We drove the rest of the way down the mountain and onto the highway into Guatemala City. By this time it was fairly dark. We’d pretty well avoided driving at night through Mexico and Central America because it’s about 10x as dangerous as driving at night. In Central America the roads are not just for cars. People walk, ride horses, herd cattle, bicycle, conduct business, lie down, etc., etc. in the roadways. Furthermore wild animals and stray dogs wandered out into the streets and often had no motivation to get out of the way. Literal highway robberies are more prevalent at night as well. The road into Guatemala however was a four lane divided highway, and we were only about 40 minutes outside of the city. We didn’t figure it would be too bad, and frankly, we didn’t have too much of a choice. Another obstacle we learned about is that many cars have no lights: no headlights, no taillights, no brake lights, and sometimes no reflectors even. Apparently some cars drive without their lights on because the drivers believe it allows them to see other cars better. We managed not to hit any of them, navigated the city without too much of a problem (considering we still didn’t have a map) and ended up at a clean, quiet, and cheap (although utterly un-charming) hotel in the one safe area of town. After settling in, we went out to find dinner. We had to walk by several clubs and bars toward our chosen restaurants and we both got some interested stares. We were the only gringos we saw in the area.
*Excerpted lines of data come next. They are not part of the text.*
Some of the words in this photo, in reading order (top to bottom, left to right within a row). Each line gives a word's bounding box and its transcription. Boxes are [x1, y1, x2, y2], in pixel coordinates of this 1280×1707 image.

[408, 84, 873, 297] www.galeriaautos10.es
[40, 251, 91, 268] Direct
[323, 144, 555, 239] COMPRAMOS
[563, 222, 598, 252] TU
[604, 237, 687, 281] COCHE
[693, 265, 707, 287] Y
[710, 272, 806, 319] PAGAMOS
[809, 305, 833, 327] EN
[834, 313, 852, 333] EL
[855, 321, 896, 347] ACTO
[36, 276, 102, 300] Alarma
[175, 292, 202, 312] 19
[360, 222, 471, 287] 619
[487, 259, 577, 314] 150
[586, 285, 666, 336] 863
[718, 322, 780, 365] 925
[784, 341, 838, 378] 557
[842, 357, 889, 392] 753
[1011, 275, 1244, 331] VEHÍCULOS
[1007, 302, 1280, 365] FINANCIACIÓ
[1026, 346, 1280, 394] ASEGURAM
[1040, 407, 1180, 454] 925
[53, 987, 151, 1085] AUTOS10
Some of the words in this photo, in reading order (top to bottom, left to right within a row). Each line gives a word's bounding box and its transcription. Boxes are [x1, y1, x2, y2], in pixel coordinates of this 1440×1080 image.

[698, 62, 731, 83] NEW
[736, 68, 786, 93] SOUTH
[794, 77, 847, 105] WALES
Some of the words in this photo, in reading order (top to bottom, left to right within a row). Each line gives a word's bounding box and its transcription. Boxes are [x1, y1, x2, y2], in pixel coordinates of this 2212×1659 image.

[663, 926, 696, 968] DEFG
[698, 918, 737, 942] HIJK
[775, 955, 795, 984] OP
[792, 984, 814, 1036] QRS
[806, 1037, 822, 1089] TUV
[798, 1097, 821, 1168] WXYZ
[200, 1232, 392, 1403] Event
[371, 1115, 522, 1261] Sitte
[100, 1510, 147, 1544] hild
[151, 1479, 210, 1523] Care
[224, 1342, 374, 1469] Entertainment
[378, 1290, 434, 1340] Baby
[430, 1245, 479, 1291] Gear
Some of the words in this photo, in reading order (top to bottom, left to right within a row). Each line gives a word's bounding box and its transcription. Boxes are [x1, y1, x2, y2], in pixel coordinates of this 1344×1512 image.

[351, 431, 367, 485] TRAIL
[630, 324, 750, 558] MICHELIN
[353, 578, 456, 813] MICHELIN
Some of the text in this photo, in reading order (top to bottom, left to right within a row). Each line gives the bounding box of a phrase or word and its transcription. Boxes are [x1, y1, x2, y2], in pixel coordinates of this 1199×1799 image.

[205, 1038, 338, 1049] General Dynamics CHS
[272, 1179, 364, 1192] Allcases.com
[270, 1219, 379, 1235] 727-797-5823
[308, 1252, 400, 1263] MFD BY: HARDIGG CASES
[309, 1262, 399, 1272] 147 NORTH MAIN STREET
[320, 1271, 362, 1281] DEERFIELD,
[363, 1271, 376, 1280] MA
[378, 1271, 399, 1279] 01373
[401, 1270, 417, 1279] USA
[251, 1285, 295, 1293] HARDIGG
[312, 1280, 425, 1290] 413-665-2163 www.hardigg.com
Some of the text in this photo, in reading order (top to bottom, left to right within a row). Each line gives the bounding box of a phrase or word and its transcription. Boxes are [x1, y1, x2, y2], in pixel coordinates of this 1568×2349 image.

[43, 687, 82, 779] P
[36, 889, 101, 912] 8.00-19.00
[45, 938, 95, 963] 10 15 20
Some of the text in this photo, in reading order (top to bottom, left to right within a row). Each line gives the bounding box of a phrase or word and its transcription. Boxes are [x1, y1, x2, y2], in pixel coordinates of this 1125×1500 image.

After failing to find the tapas restaurant (Guatemala City Fail #6), we ended up at a popular Mexican place and had some decent tacos.
The next morning we found the Wimbeldon final on ESPN. Several hours later, when Federer had finally bested Roddick, we left the hotel to go to laundry. We walked the two blocks to the laundry listed in the guidebook. It wasn’t there (Fail #7). We got the car and drove to another lavandaría. Closed (Fail #8). Apparently nearly everything closes in Guatemala City on Sundays. We drove toward a restaurant that we couldn’t find (Fail #9) and ened up dead-ending in a crappy neighborhood that was bordered by a giant canyon… in the middle of the city (Fail #10). We got ourselves out of there, found what we thought was an open lavandaría, but apparently it was only literally open (the door) they were not open for business (Fail #11). Back in the car we were trying to get to our hotel when we found out where everyone was: the mall. So we parked (took 20 minutes, the lot was packed) and headed to the (joy of joys) food court for lunch. After a half-decent bagel sandwich, we headed across the mall to the multiplex to try to see Up. Unfortunately, Up was only dubbed, not subtitled. We could see Ice Age 3, Transformers, or Hannah Montana the Movie with subtitles, but Up was only dubbed (Fail #12). So we got some gelato (this was a really nice mall) and saw a man reading the Sunday NY Times… although it was in Spanish. We thought the Sunday Times, or any English newspaper would cheer us up. So we headed to the bookstore. No newspapers. (Fail # 13). Finally we left the mall. After we regrouped at the hotel for a while, Janet went and found another bookstore (still no newspapers). Fortunately, they had the English Lonely Planet guidebook for El Salvador & Nicaragua, two countries for which we didn’t have a guidebook. I’m not exactly sure what we planned on doing, but that was a good find (Success #2). We called Amazing Andy and left him a message about the broken window. We then got back in the car to go grocery shopping at the Walmart, for which we had the address. It wasn’t there (Fail #14). We drove across town to the Hiper País (sorta like a Super Walmart… and possibly owned by Walmart) and stocked up on groceries. We got back to the hotel in time to cook dinner and catch the last half of Sunday Night baseball on ESPN… which meant seeing my Rays (Unfortunately, it was the third game of a 3 game sweep by the Rangers).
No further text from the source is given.